> Assignment
For every entry below, give it back exactly and leave out any image.
═════ Data section
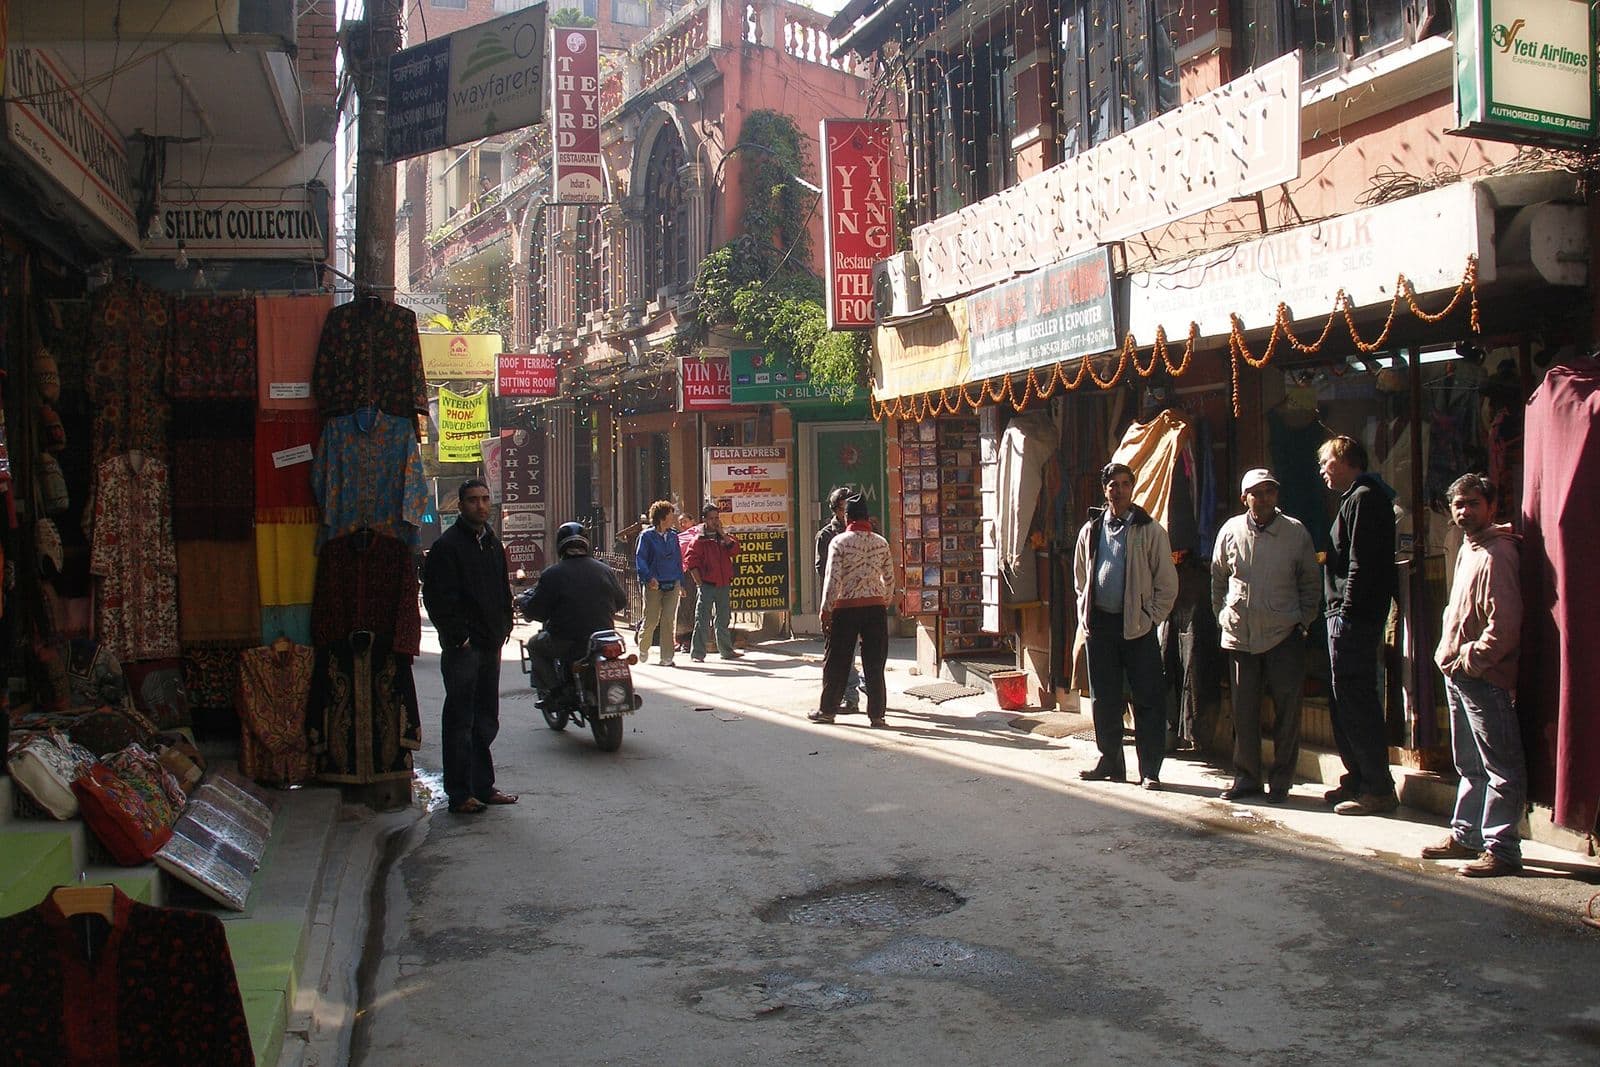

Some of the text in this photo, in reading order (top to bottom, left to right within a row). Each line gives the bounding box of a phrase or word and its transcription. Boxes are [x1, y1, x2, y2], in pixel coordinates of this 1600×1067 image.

[1514, 39, 1589, 67] Yeti Airlines
[453, 64, 540, 107] wayfarers
[557, 57, 577, 147] THIRD
[581, 77, 598, 129] EYE
[1491, 106, 1591, 131] AUTHORIZED SALES AGENT
[560, 153, 598, 164] RESTAURANT
[835, 166, 860, 235] YIN
[863, 156, 889, 249] YANG
[164, 209, 223, 240] SELECT
[1310, 213, 1374, 257] SILK
[1341, 254, 1374, 271] SILKS
[1066, 304, 1102, 331] EXPORTER
[500, 357, 557, 369] ROOF TERRACE
[500, 376, 556, 387] SITTING ROOM
[684, 363, 711, 382] YIN
[686, 384, 715, 396] THAI
[713, 448, 780, 458] DELTA EXPRESS
[505, 447, 520, 502] THIRD
[528, 455, 541, 496] EYE
[727, 465, 769, 476] FedEx
[503, 503, 545, 511] RESTAURANT
[731, 512, 781, 524] CARGO
[748, 532, 769, 540] CYBER
[769, 531, 785, 539] CAFE
[740, 564, 764, 574] FAX
[757, 574, 785, 585] COPY
[745, 600, 758, 608] CD
[760, 598, 785, 607] BURN
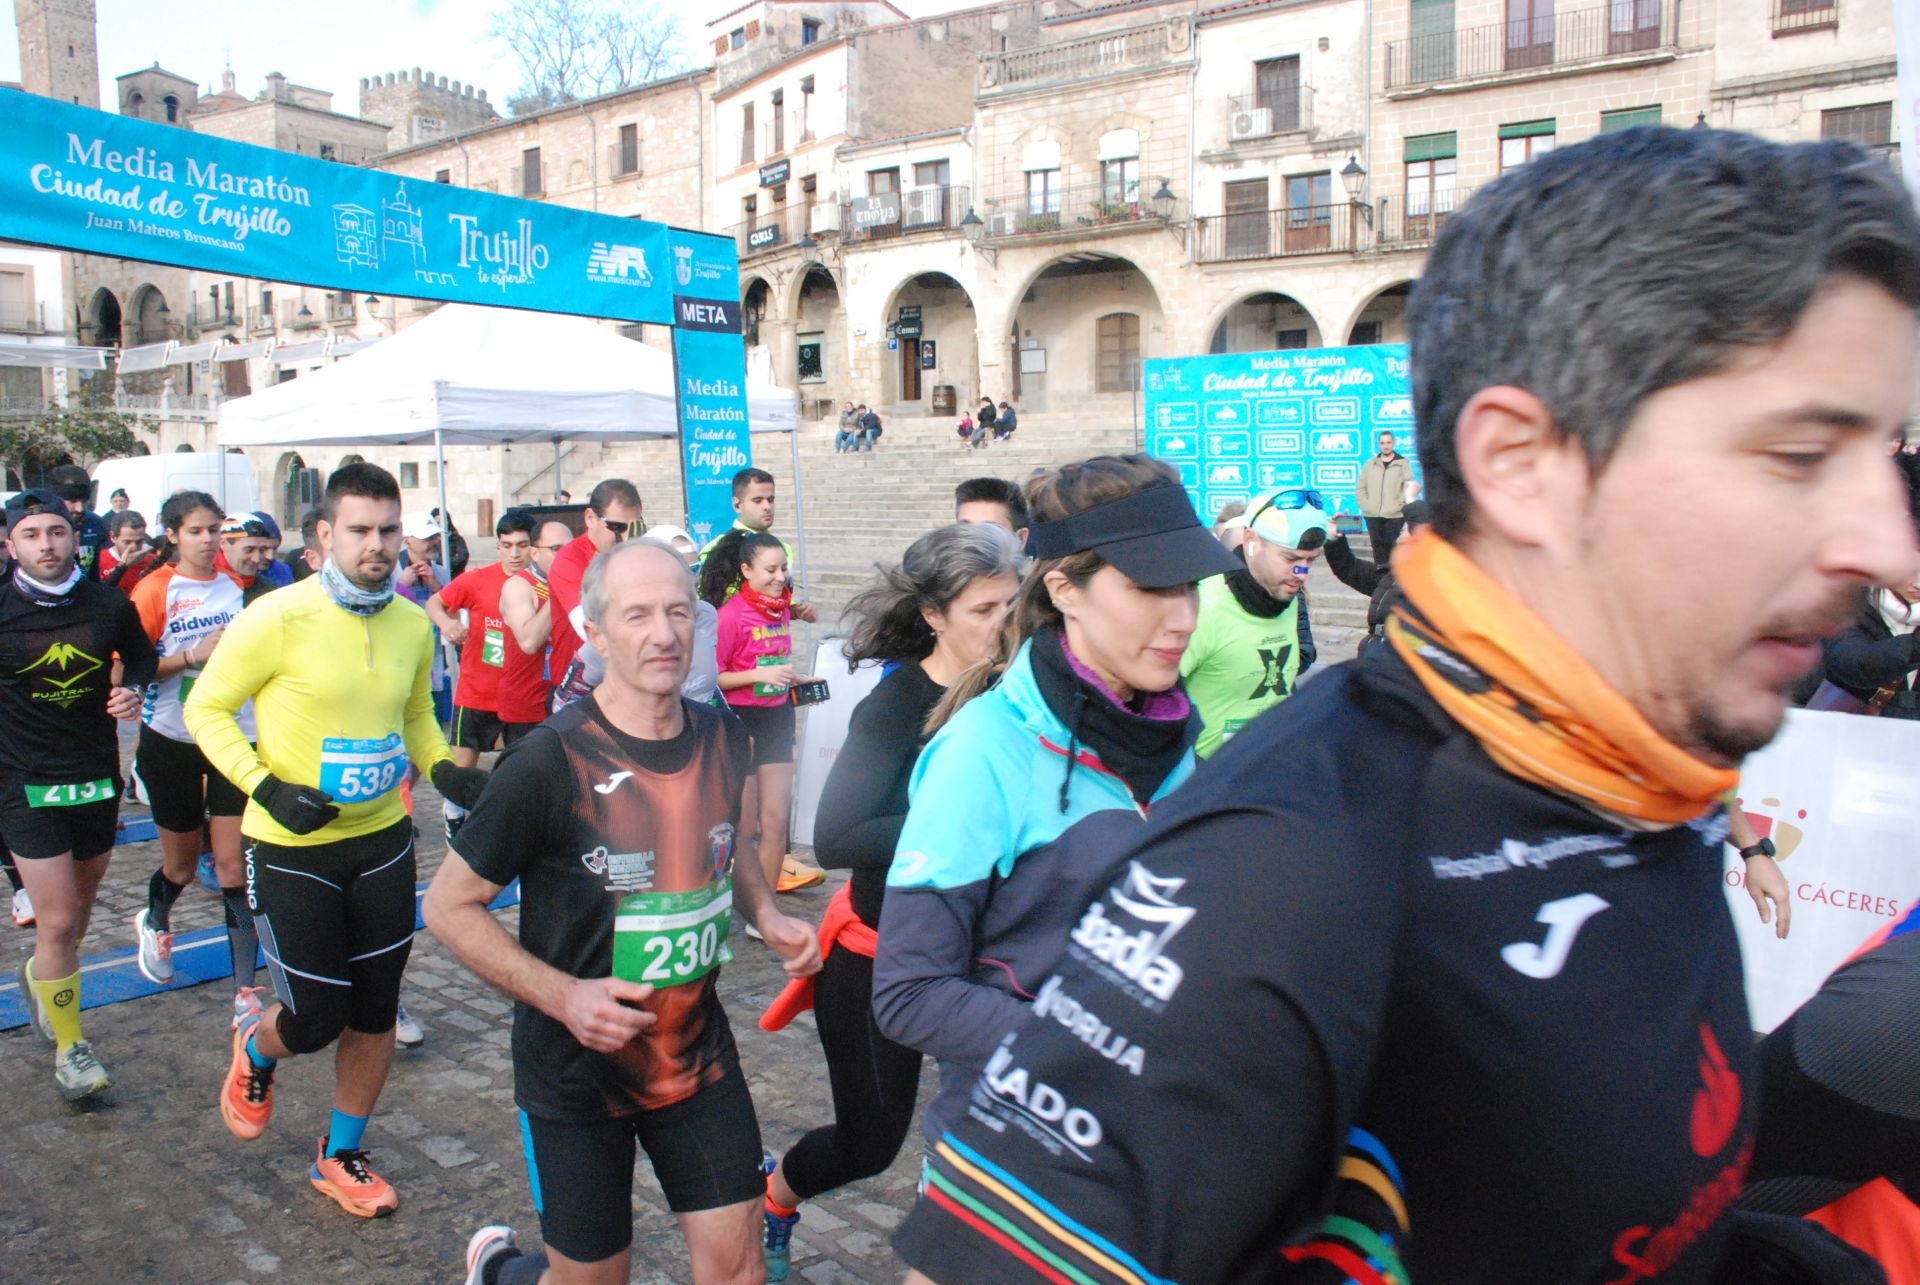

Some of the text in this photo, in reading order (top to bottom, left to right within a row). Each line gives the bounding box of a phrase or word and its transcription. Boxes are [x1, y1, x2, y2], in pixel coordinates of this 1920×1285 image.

[66, 132, 312, 207] Media Maratón
[30, 163, 292, 241] Ciudad de Trujillo
[86, 211, 245, 252] Juan Mateos Broncano
[448, 212, 549, 279] Trujillo
[682, 302, 728, 325] META
[1251, 354, 1347, 370] Media Maratón
[687, 378, 738, 397] Media
[1203, 367, 1375, 393] Ciudad de Trujillo
[686, 404, 744, 421] Maratón
[694, 427, 737, 441] Ciudad de
[688, 443, 747, 475] Trujillo
[339, 762, 396, 797] 538
[244, 848, 258, 911] WONG
[1797, 882, 1898, 917] CÁCERES
[641, 922, 718, 981] 230
══════════
> Answer for this exercise
Some of the text in this photo, in reading order (top to bottom, left to right within a row). Each line gives the bounding box of a phrase or word and its transcription. Boxes are [x1, y1, x2, y2], in pixel coordinates of this 1600×1067 image.

[1514, 39, 1589, 67] Yeti Airlines
[453, 64, 540, 107] wayfarers
[557, 57, 577, 147] THIRD
[581, 77, 598, 129] EYE
[1491, 106, 1591, 131] AUTHORIZED SALES AGENT
[560, 153, 598, 164] RESTAURANT
[835, 166, 860, 235] YIN
[863, 156, 889, 249] YANG
[164, 209, 223, 240] SELECT
[1310, 213, 1374, 257] SILK
[1341, 254, 1374, 271] SILKS
[1066, 304, 1102, 331] EXPORTER
[500, 357, 557, 369] ROOF TERRACE
[500, 376, 556, 387] SITTING ROOM
[684, 363, 711, 382] YIN
[686, 384, 715, 396] THAI
[713, 448, 780, 458] DELTA EXPRESS
[505, 447, 520, 502] THIRD
[528, 455, 541, 496] EYE
[727, 465, 769, 476] FedEx
[503, 503, 545, 511] RESTAURANT
[731, 512, 781, 524] CARGO
[748, 532, 769, 540] CYBER
[769, 531, 785, 539] CAFE
[740, 564, 764, 574] FAX
[757, 574, 785, 585] COPY
[745, 600, 758, 608] CD
[760, 598, 785, 607] BURN

Some of the text in this photo, in reading order (top to bottom, left to right within a row). Each line gives the bounding box of a phrase or word and its transcription. Boxes are [x1, y1, x2, y2], in pixel coordinates of this 1920×1285 image.

[66, 132, 312, 207] Media Maratón
[30, 163, 292, 241] Ciudad de Trujillo
[86, 211, 245, 252] Juan Mateos Broncano
[448, 212, 549, 279] Trujillo
[682, 302, 728, 325] META
[1251, 354, 1347, 370] Media Maratón
[687, 378, 738, 397] Media
[1203, 367, 1375, 393] Ciudad de Trujillo
[686, 404, 744, 421] Maratón
[694, 427, 737, 441] Ciudad de
[688, 443, 747, 475] Trujillo
[339, 762, 396, 797] 538
[244, 848, 258, 911] WONG
[1797, 882, 1898, 917] CÁCERES
[641, 922, 718, 981] 230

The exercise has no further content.